| Task prompt |
A word-for-word copy of the entries is needed, and it should contain no images.
━━━━━ Supplied material
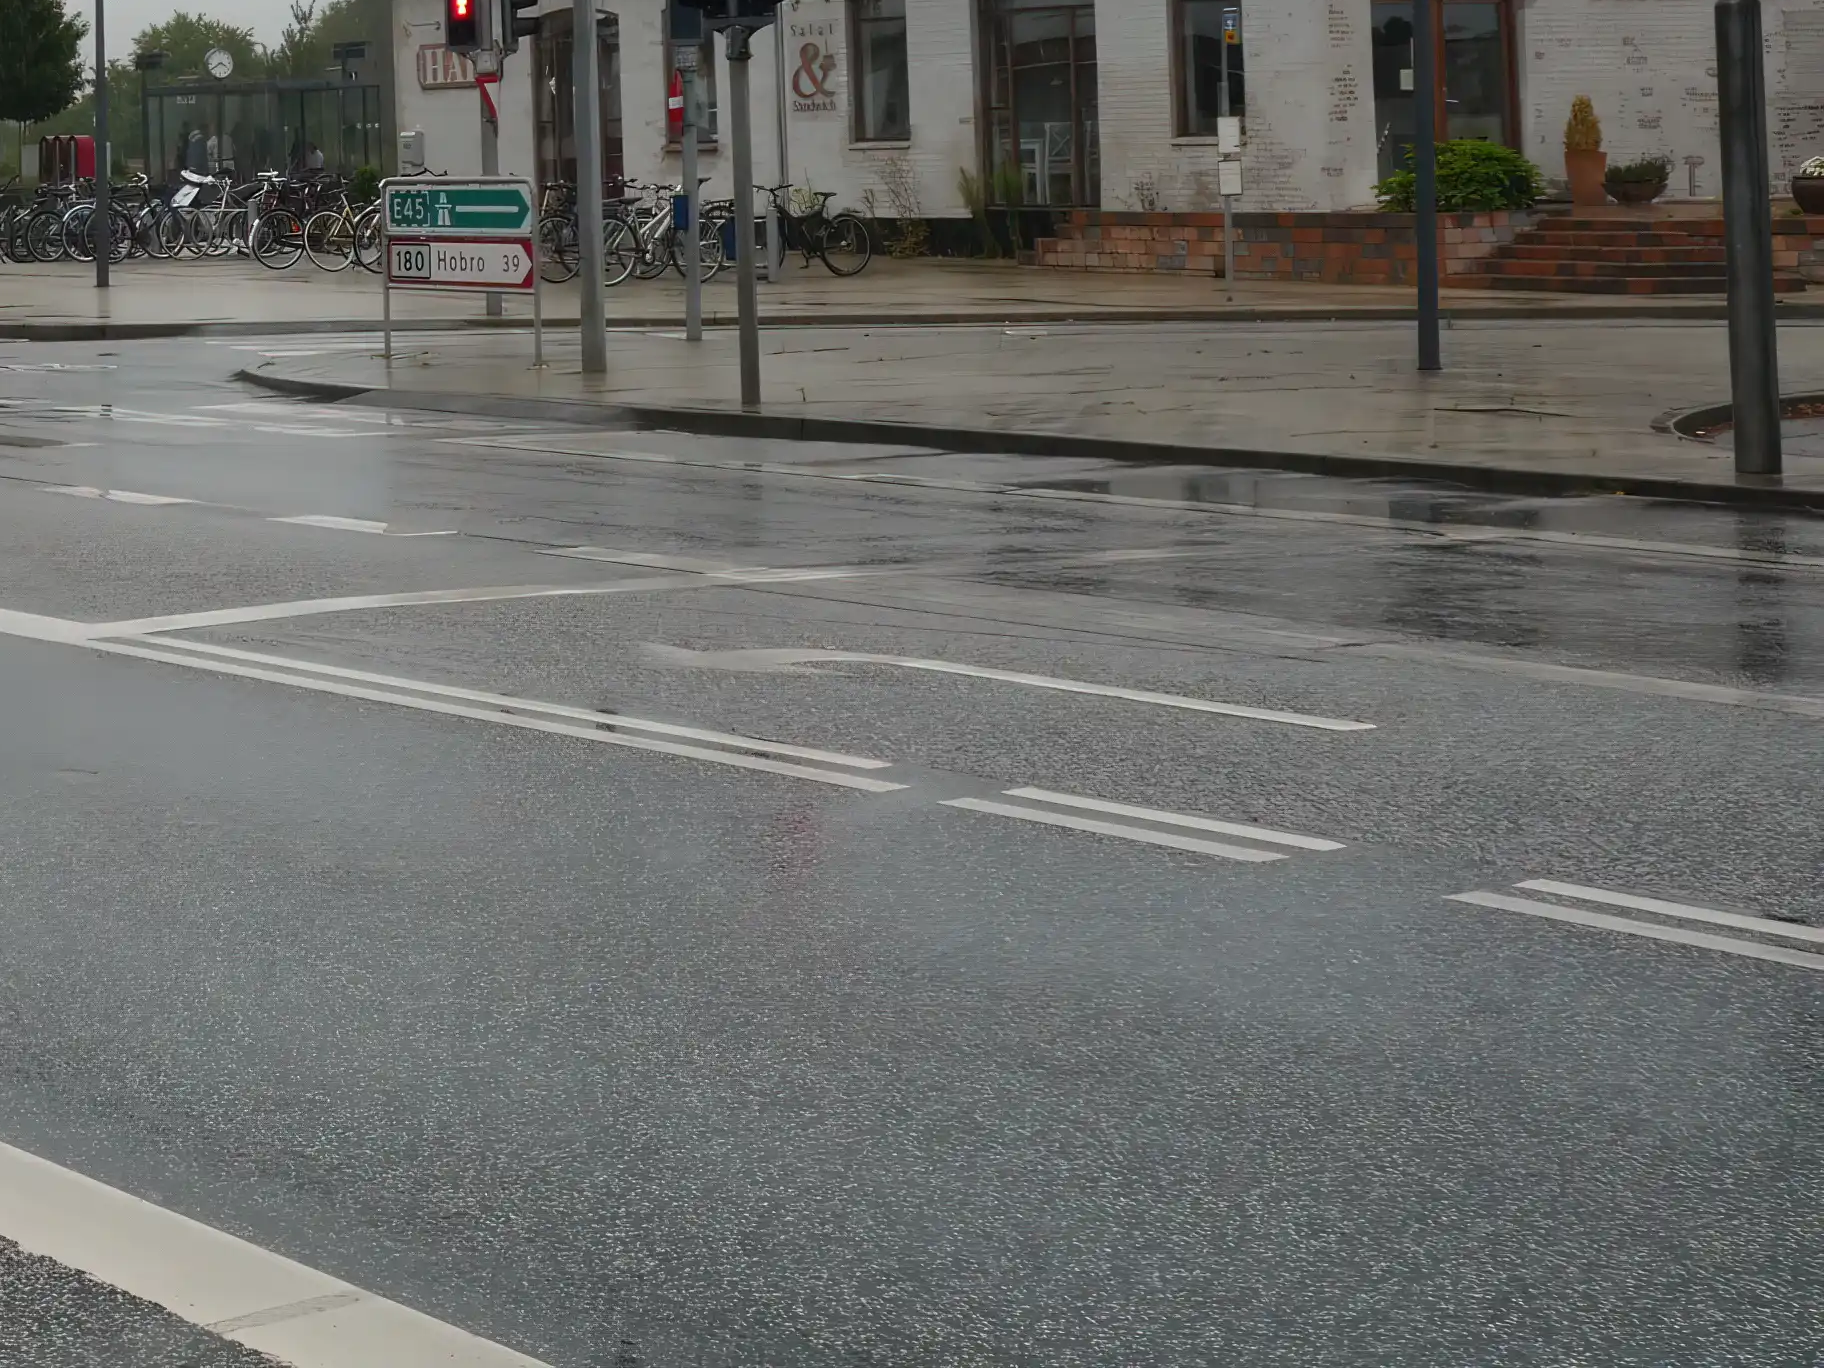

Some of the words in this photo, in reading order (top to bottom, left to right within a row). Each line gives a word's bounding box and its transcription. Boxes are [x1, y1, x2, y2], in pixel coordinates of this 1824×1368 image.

[792, 42, 836, 98] &
[393, 198, 424, 220] E45
[396, 250, 424, 271] 180
[437, 250, 485, 272] Hobro
[502, 254, 520, 273] 39
━━━━━━━━━━
| Answer to this problem |
Some of the words in this photo, in reading order (top to bottom, left to right within a row). Each line gives a word's bounding box and its transcription. Boxes are [x1, y1, x2, y2], in pixel coordinates of this 1824×1368 image.

[792, 42, 836, 98] &
[393, 198, 424, 220] E45
[396, 250, 424, 271] 180
[437, 250, 485, 272] Hobro
[502, 254, 520, 273] 39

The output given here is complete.